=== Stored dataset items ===
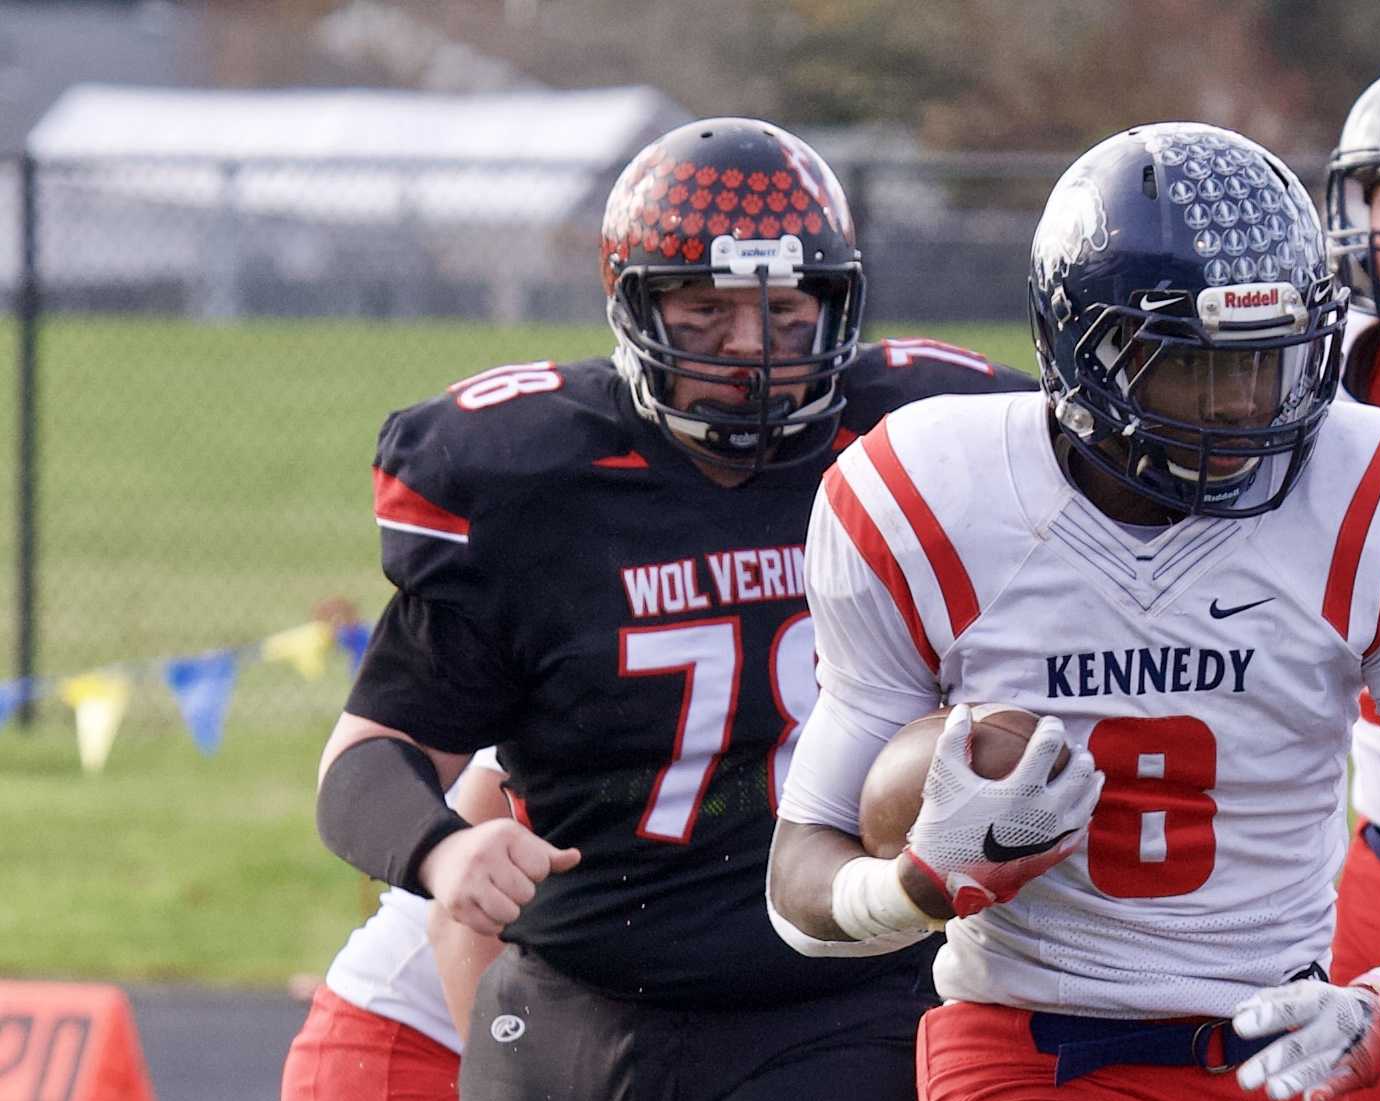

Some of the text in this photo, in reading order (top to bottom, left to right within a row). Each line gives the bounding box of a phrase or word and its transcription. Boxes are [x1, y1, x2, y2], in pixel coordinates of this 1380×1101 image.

[1224, 287, 1279, 309] Riddell
[1046, 646, 1256, 698] KENNEDY
[1087, 715, 1217, 898] 8
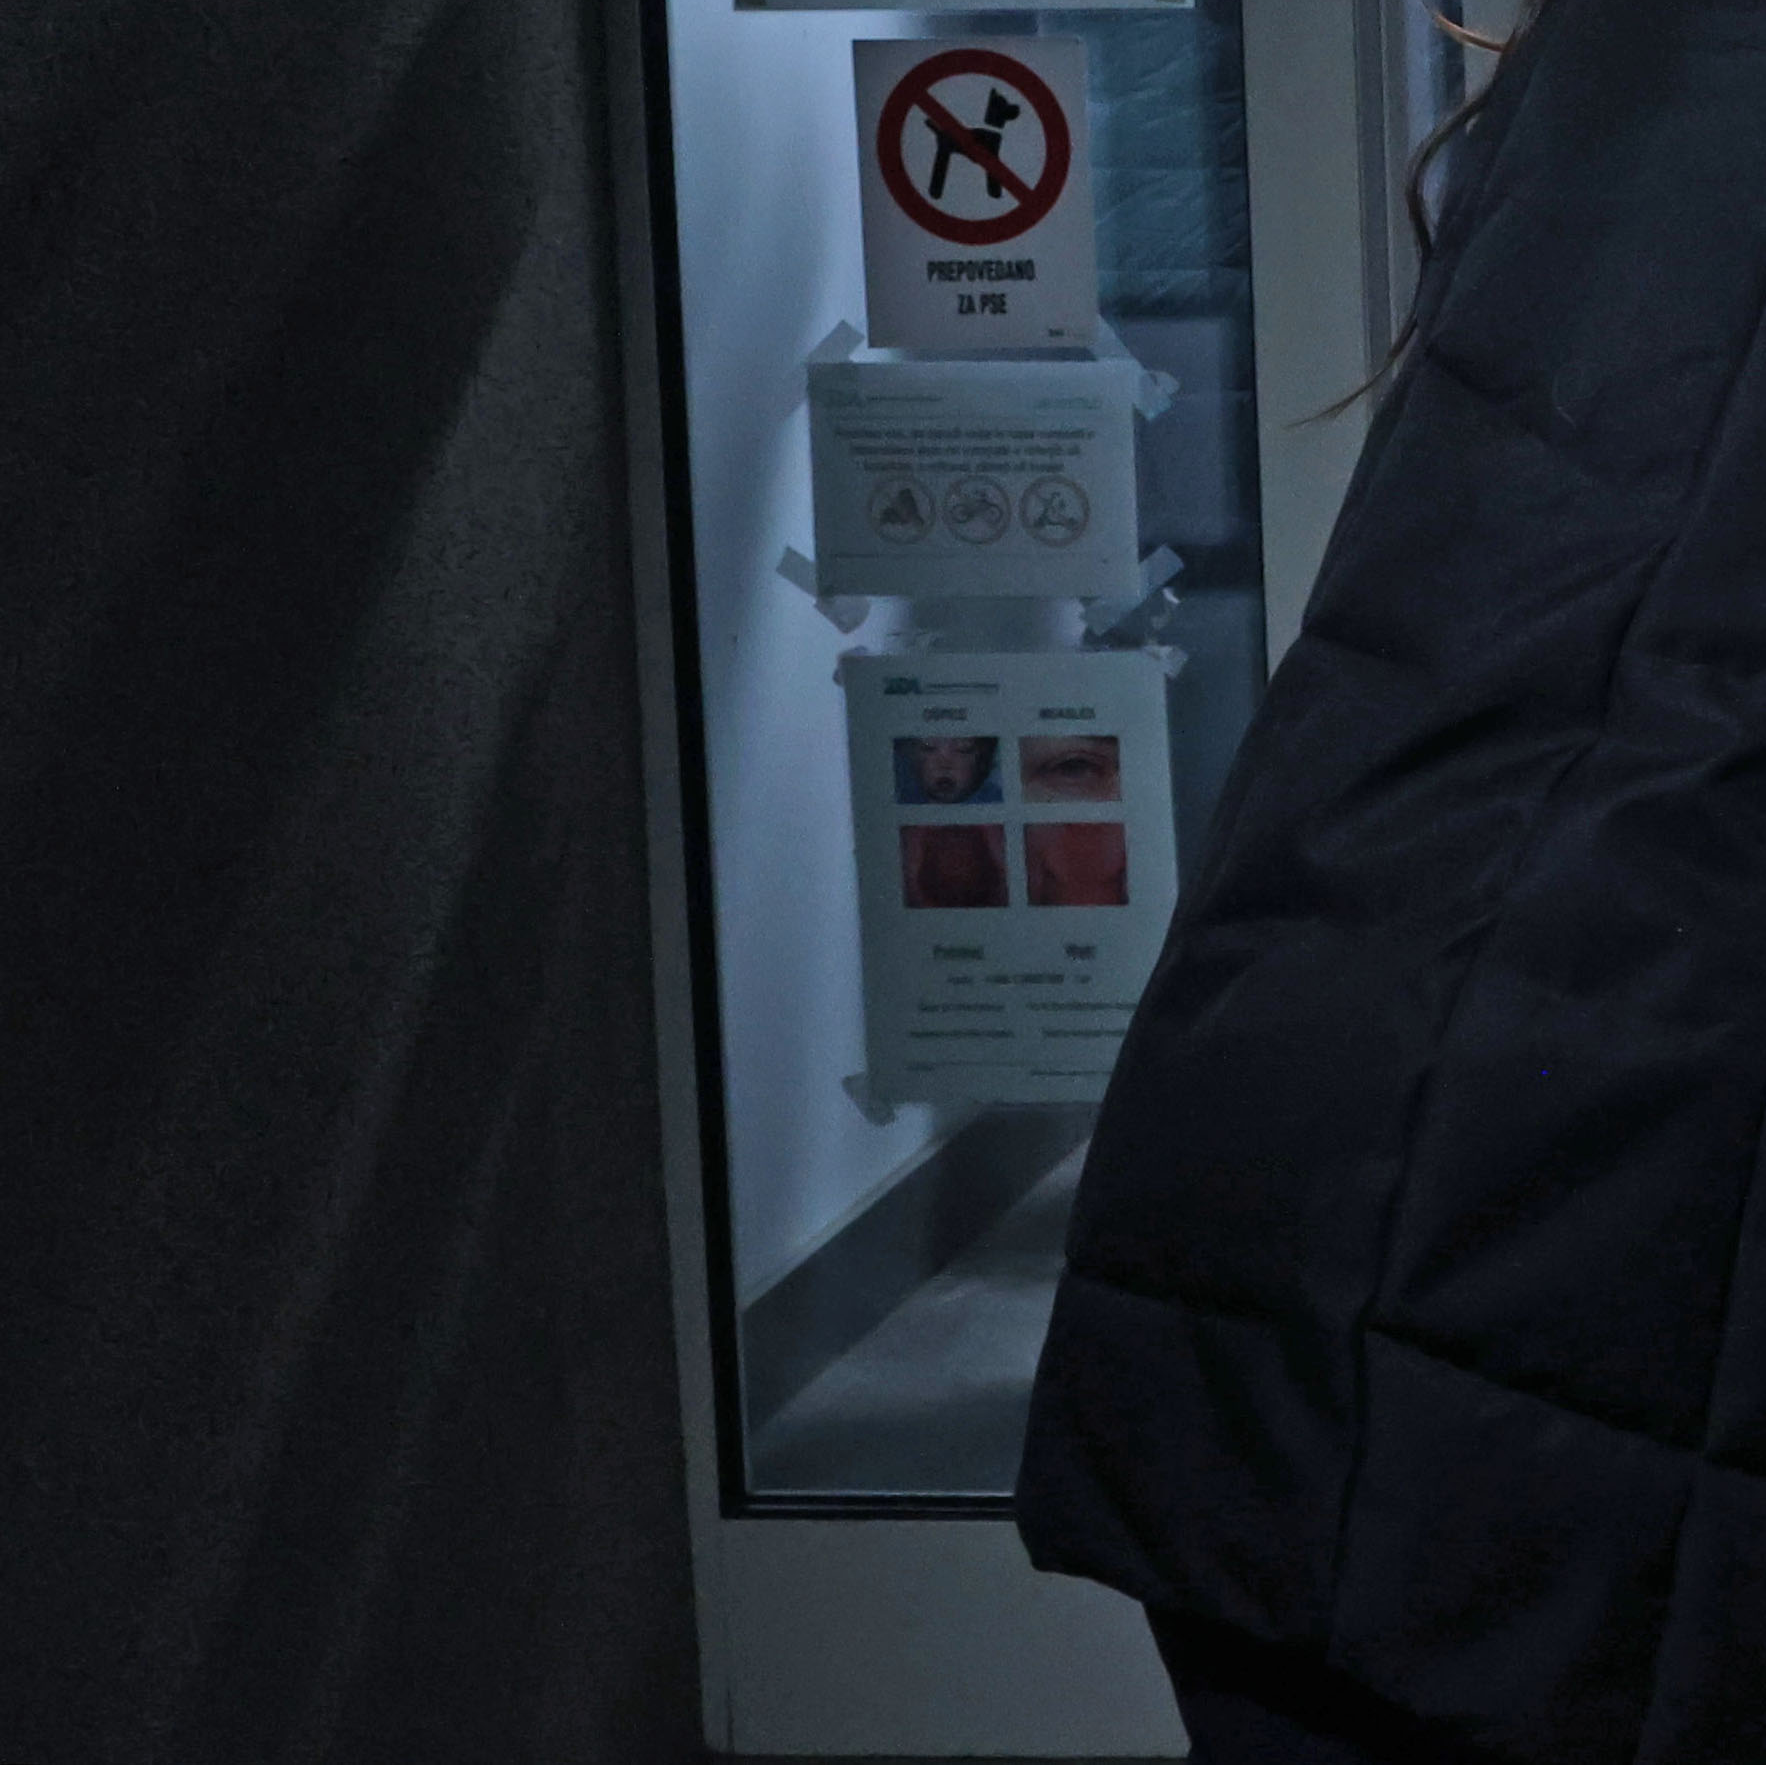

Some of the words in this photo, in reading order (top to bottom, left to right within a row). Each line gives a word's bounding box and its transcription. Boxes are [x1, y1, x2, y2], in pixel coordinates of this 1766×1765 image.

[926, 259, 1036, 283] PREPOVEDANO
[957, 293, 976, 315] ZA
[977, 292, 1008, 315] PSE
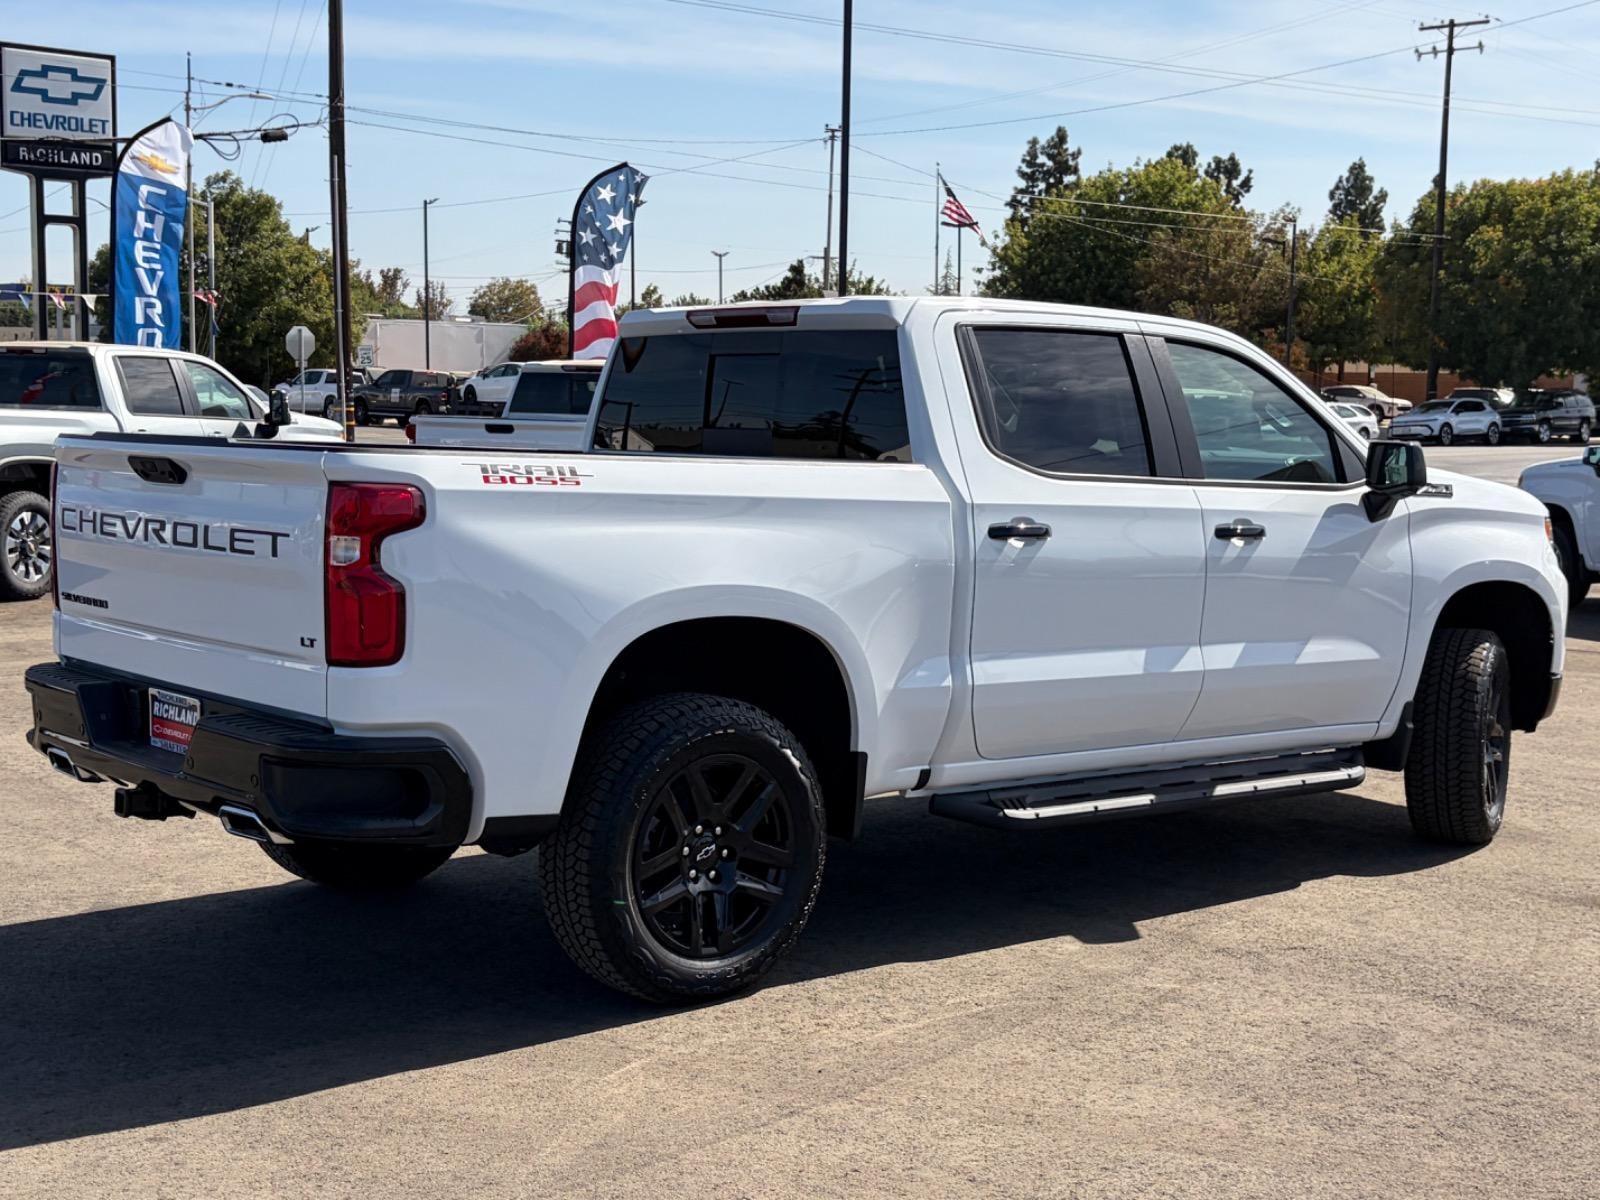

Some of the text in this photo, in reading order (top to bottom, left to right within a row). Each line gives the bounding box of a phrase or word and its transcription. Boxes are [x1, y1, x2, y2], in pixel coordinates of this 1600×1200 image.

[9, 110, 109, 135] CHEVROLET
[360, 355, 372, 365] 25
[461, 463, 594, 478] TRAIL
[482, 475, 581, 486] BOSS
[62, 507, 290, 558] CHEVROLET
[300, 636, 317, 649] LT
[153, 700, 198, 726] RICHLAND

=== TASK OBJECTIVE ===
Copy exactly, please, every line from the one holding "Some of the words" through the last line of the data, both ends included, and no pictures.

=== THE ANSWER ===
Some of the words in this photo, in reading order (top to bottom, left to right within a row). Each line gives a word's bounding box and its transcription. Boxes are [x1, y1, x2, y2], in pixel coordinates of this 1766×1765 image.

[926, 259, 1036, 283] PREPOVEDANO
[957, 293, 976, 315] ZA
[977, 292, 1008, 315] PSE

Some of the text in this photo, in reading order (top to bottom, left to right within a row). Each line gives the bounding box of a phrase or word and its transcription. Boxes are [x1, y1, x2, y2], in pixel coordinates of this 1600×1200 image.

[9, 110, 109, 135] CHEVROLET
[360, 355, 372, 365] 25
[461, 463, 594, 478] TRAIL
[482, 475, 581, 486] BOSS
[62, 507, 290, 558] CHEVROLET
[300, 636, 317, 649] LT
[153, 700, 198, 726] RICHLAND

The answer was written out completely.